What the exercise asks:
Print the records below word for word, but leave out the pictures.

**** Records for the exercise

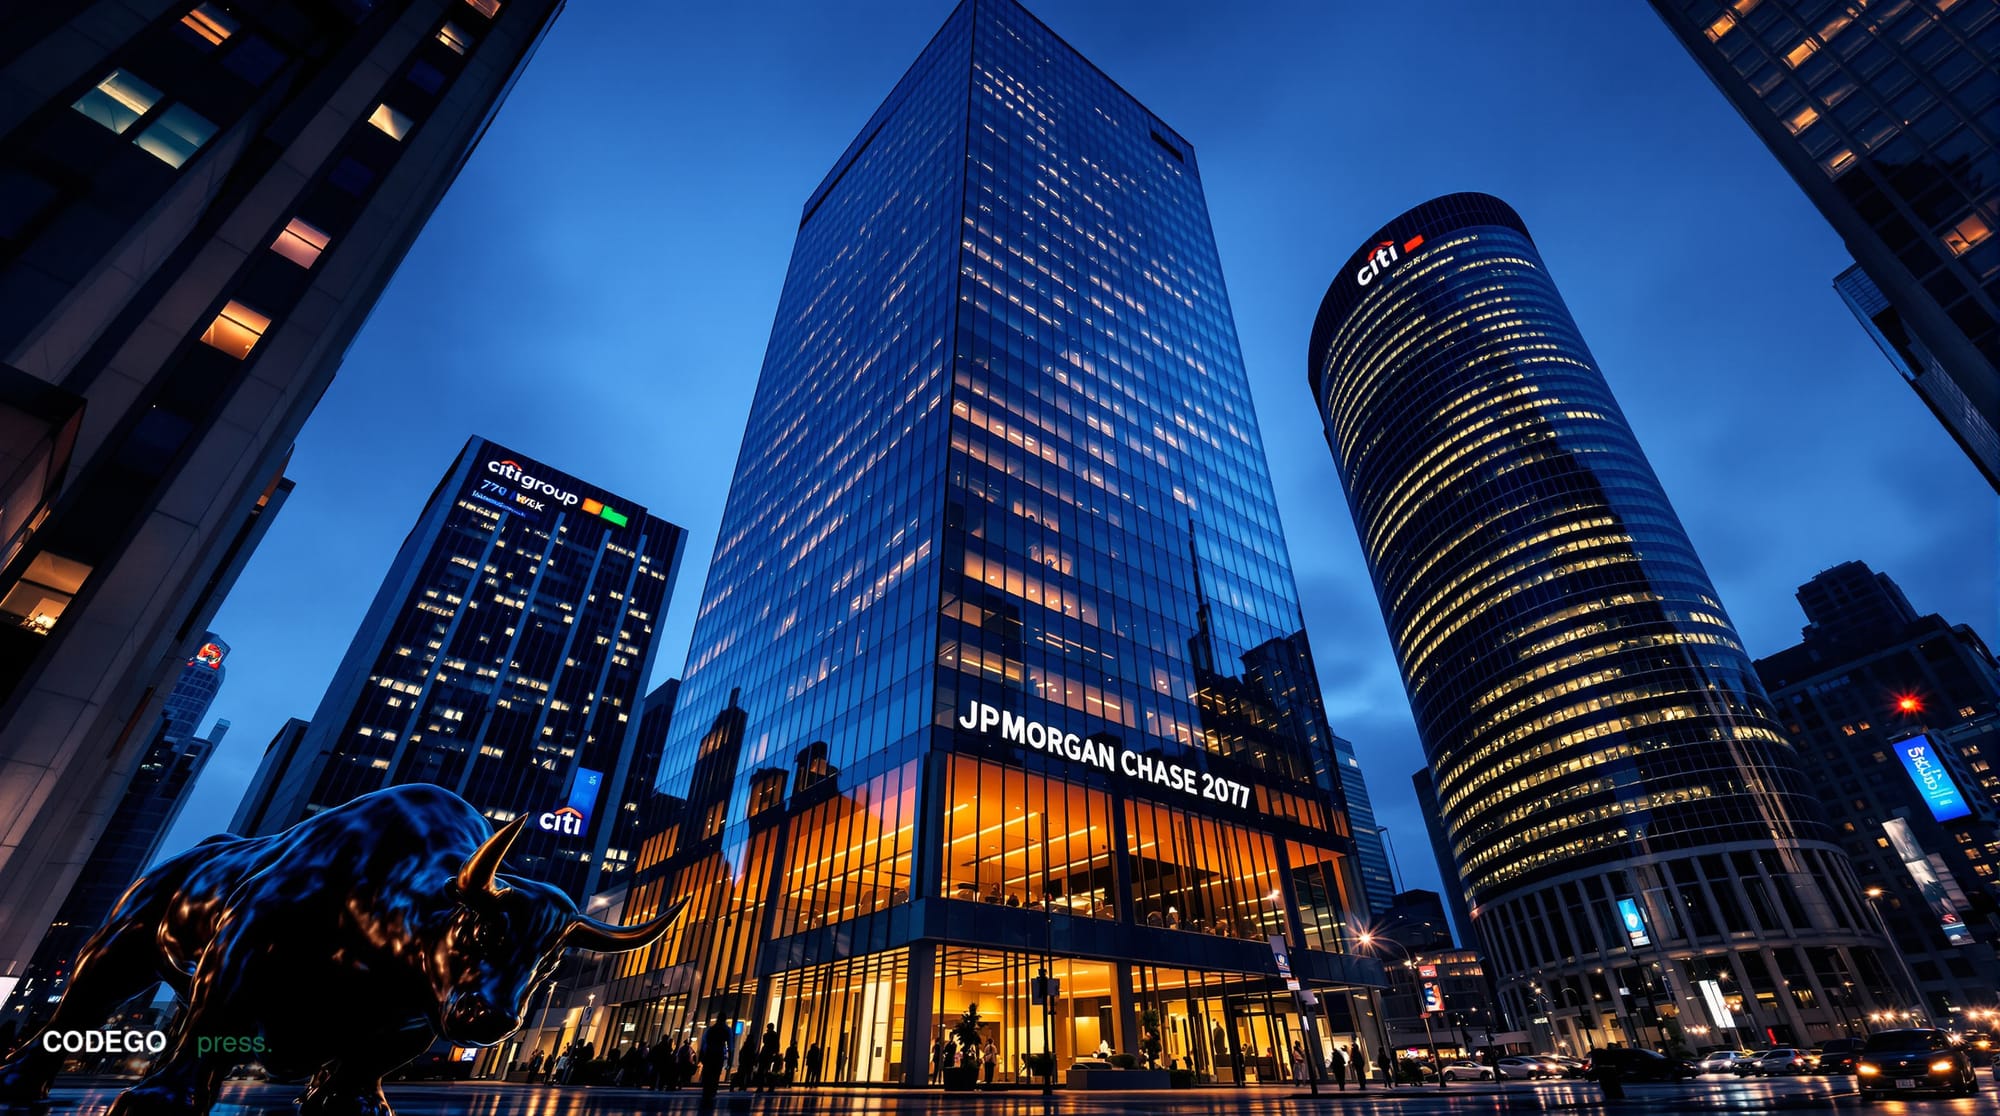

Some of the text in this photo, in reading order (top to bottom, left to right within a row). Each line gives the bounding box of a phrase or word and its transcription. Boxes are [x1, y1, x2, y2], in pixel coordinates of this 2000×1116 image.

[1357, 241, 1398, 286] citi
[487, 460, 579, 506] citigroup
[959, 700, 1250, 809] JPMORGAN CHASE 2077
[539, 807, 583, 835] citi
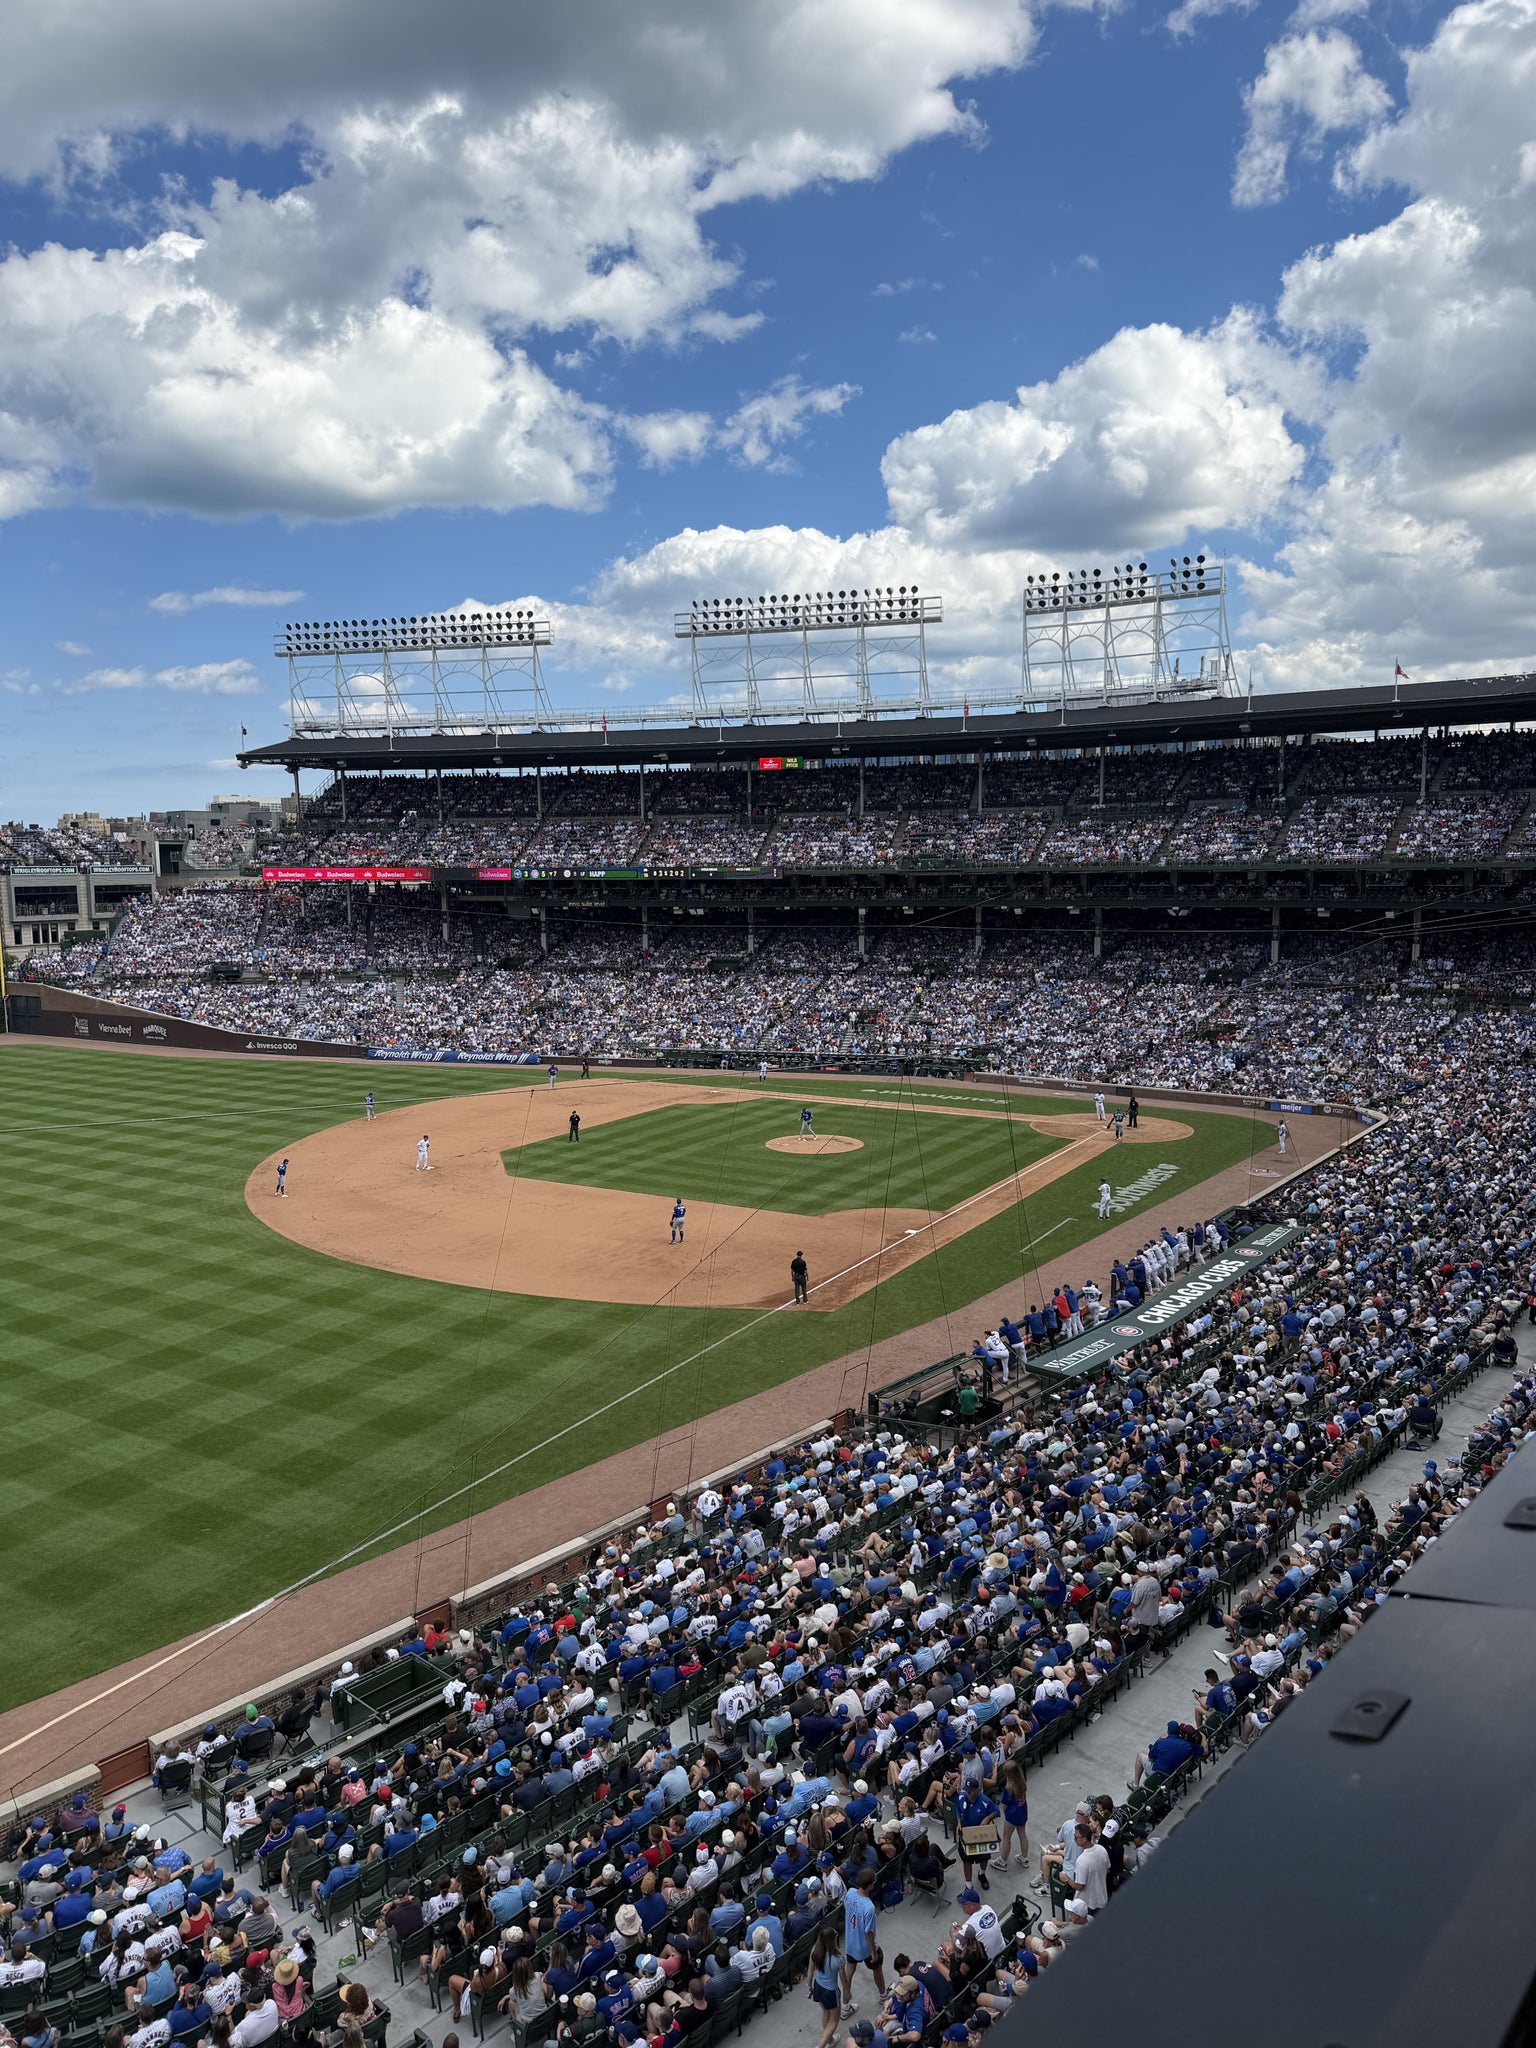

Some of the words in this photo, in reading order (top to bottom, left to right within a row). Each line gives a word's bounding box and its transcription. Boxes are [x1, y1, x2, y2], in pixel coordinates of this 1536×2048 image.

[98, 1022, 118, 1034] Vienna
[118, 1024, 132, 1037] Beef
[142, 1024, 167, 1037] MARQUEE
[257, 1042, 283, 1050] Invesco
[374, 1050, 411, 1060] Reynolds
[411, 1051, 433, 1061] Wrap
[457, 1052, 494, 1061] Reynolds
[494, 1053, 518, 1062] Wrap
[1280, 1103, 1302, 1113] meijer
[1136, 1274, 1213, 1324] CHICAGO
[1044, 1338, 1113, 1370] WINTRUST
[711, 1498, 717, 1508] 4
[984, 1616, 996, 1626] 40
[596, 1656, 603, 1668] 4
[903, 1665, 916, 1681] 12
[775, 1679, 781, 1690] 7
[737, 1699, 745, 1712] 4
[239, 1808, 248, 1820] 2
[850, 1914, 857, 1930] 4
[157, 1936, 174, 1950] SOSA
[752, 1953, 772, 1968] KALINE
[6, 1972, 25, 1981] BUSCH

********

Result of the task:
Some of the text in this photo, in reading order (top to bottom, left to right within a row). Each line gives the bounding box of a phrase or word and its transcription. Boxes are [x1, y1, x2, y2], in pixel coordinates of this 2000×1116 image.

[1357, 241, 1398, 286] citi
[487, 460, 579, 506] citigroup
[959, 700, 1250, 809] JPMORGAN CHASE 2077
[539, 807, 583, 835] citi

Some of the words in this photo, in reading order (top to bottom, left to right within a row). Each line gives a word's bounding box and its transcription. Boxes are [x1, y1, x2, y2], in pixel coordinates of this 1536×2048 image.

[98, 1022, 118, 1034] Vienna
[118, 1024, 132, 1037] Beef
[142, 1024, 167, 1037] MARQUEE
[257, 1042, 283, 1050] Invesco
[374, 1050, 411, 1060] Reynolds
[411, 1051, 433, 1061] Wrap
[457, 1052, 494, 1061] Reynolds
[494, 1053, 518, 1062] Wrap
[1280, 1103, 1302, 1113] meijer
[1136, 1274, 1213, 1324] CHICAGO
[1044, 1338, 1113, 1370] WINTRUST
[711, 1498, 717, 1508] 4
[984, 1616, 996, 1626] 40
[596, 1656, 603, 1668] 4
[903, 1665, 916, 1681] 12
[775, 1679, 781, 1690] 7
[737, 1699, 745, 1712] 4
[239, 1808, 248, 1820] 2
[850, 1914, 857, 1930] 4
[157, 1936, 174, 1950] SOSA
[752, 1953, 772, 1968] KALINE
[6, 1972, 25, 1981] BUSCH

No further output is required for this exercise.